Proposal: Compile-Time File Embedding (embed)
Status: Approved Author: Eric (with Claude) Created: 2026-02-18 Approved: 2026-02-18 Affects: Compiler (lexer, parser, type checker, evaluator, codegen)
Summary
Add compile-time embed and has_embed expressions for embedding file contents into Ori programs. The embed expression is type-driven: the expected type determines whether the file is embedded as text (str) or binary ([byte]). The has_embed expression provides compile-time file existence checks.
// Text (UTF-8 validated at compile time)
let readme: str = embed("README.md")
// Binary
let icon: [byte] = embed("assets/icon.png")
// Conditional
let help = if has_embed("help.txt") then embed("help.txt") else "No help available"

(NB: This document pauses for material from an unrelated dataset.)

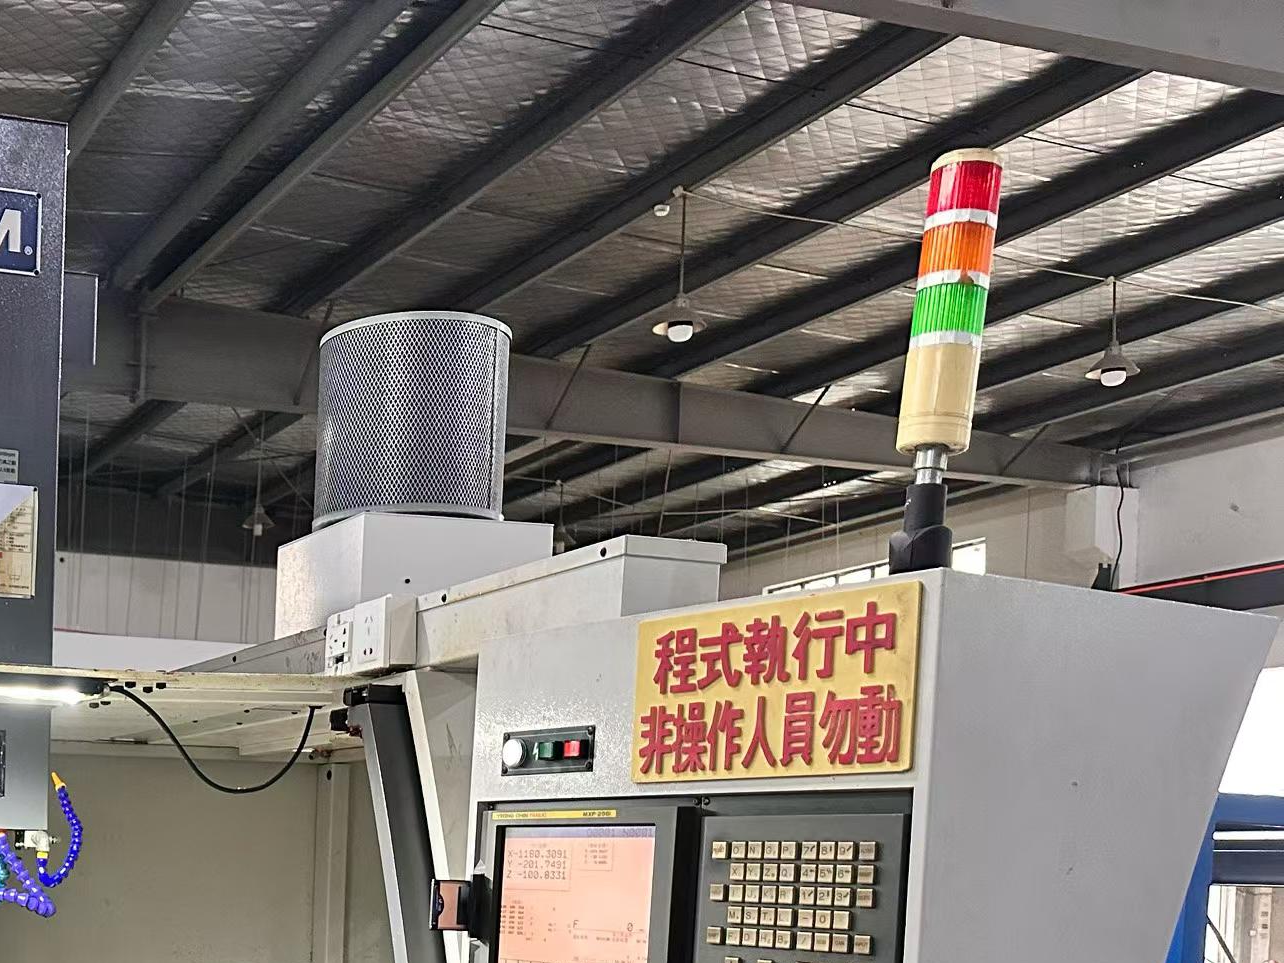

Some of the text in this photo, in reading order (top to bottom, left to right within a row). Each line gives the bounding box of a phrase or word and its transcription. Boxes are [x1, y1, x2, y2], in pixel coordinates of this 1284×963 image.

[652, 601, 897, 694] 程式執行中
[639, 684, 902, 774] 非操作人員勿動
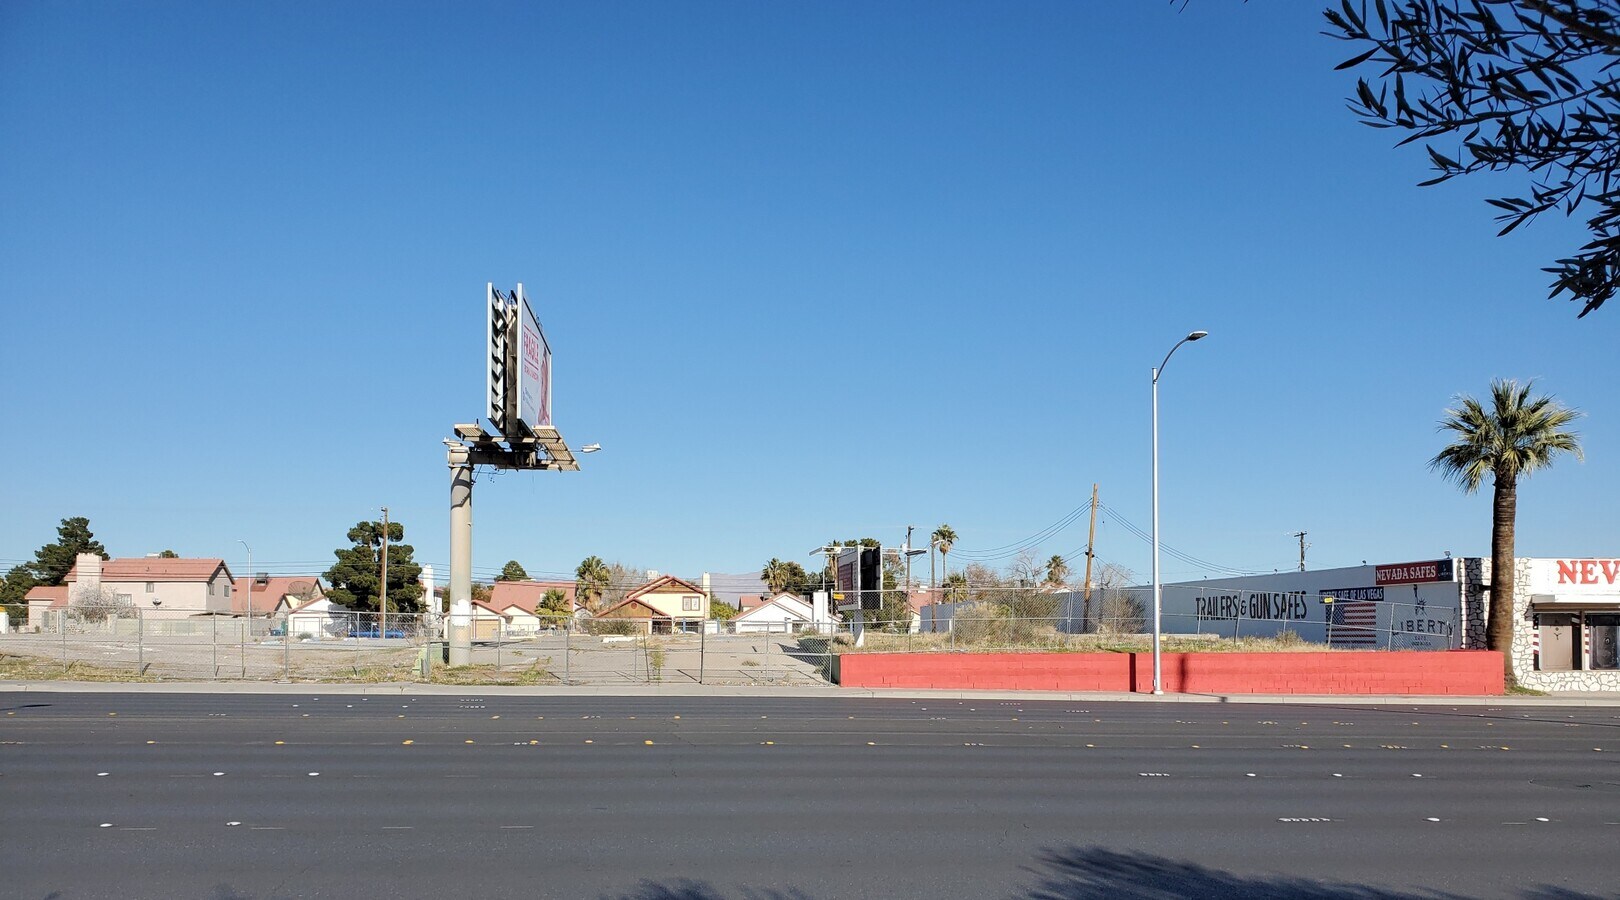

// Const path expressions (not limited to literals)
let $LANG = "en"
let $GREETING: str = embed(`i18n/{$LANG}/greeting.txt`)
Motivation
The Problem
Programs regularly need to bundle static assets — SQL schemas, HTML templates, configuration defaults, license text, shader source, test fixtures. Without compile-time embedding, the options are:
- Runtime file I/O — Requires the file to exist at the deployment location, adds failure modes, needs the
FileSystemcapability - Manual string literals — Error-prone, unreadable for large content, impossible for binary
- Build scripts — Extra tooling, not portable, not IDE-visible
Why Compile-Time?
Embedding at compile time gives:
- Self-contained binaries — No external file dependencies at runtime
- Compile-time validation — UTF-8 errors and missing files caught before deployment
- Zero runtime cost — Data lives in the binary’s read-only segment
- No capability needed — Unlike
FileSystem.read(), embedding is a build concern, not a runtime effect
Why Not a Const Function?
Ori’s const functions ($name) are pure — they cannot perform I/O (see const-evaluation-termination-proposal). Reading files is I/O. Rather than weakening the const purity guarantee, embed is a dedicated compiler built-in expression, similar to how compile_error() is a built-in that operates at compile time without being a const function.
Prior Art
| Language | Feature | Strengths | Weaknesses |
|---|---|---|---|
| Rust | include_str!/include_bytes! | Clean text/binary split, file tracking | Macro-only, literal paths only, no structured data, slow on large files |
| Go | //go:embed + embed.FS | Directory embedding, glob patterns, filesystem interface | Package-scope only, directive syntax, no structured data |
| Zig | @embedFile | Size in type ([N:0]u8), C FFI sentinel | No text/binary distinction, no directory support |
| C23 | #embed | limit/prefix/suffix/if_empty, __has_embed | Preprocessor-level, no type integration |
| D | import("file") | First-class expression, works with mixin | No typed variants, -J flag required |
| Elixir | @external_resource + compile-time code | Structured parsing at compile time | Requires explicit dep tracking, not a unified feature |
Ori’s design takes the best from each:
- Expression-based like D (not a macro — avoids Rust’s literal-only limitation)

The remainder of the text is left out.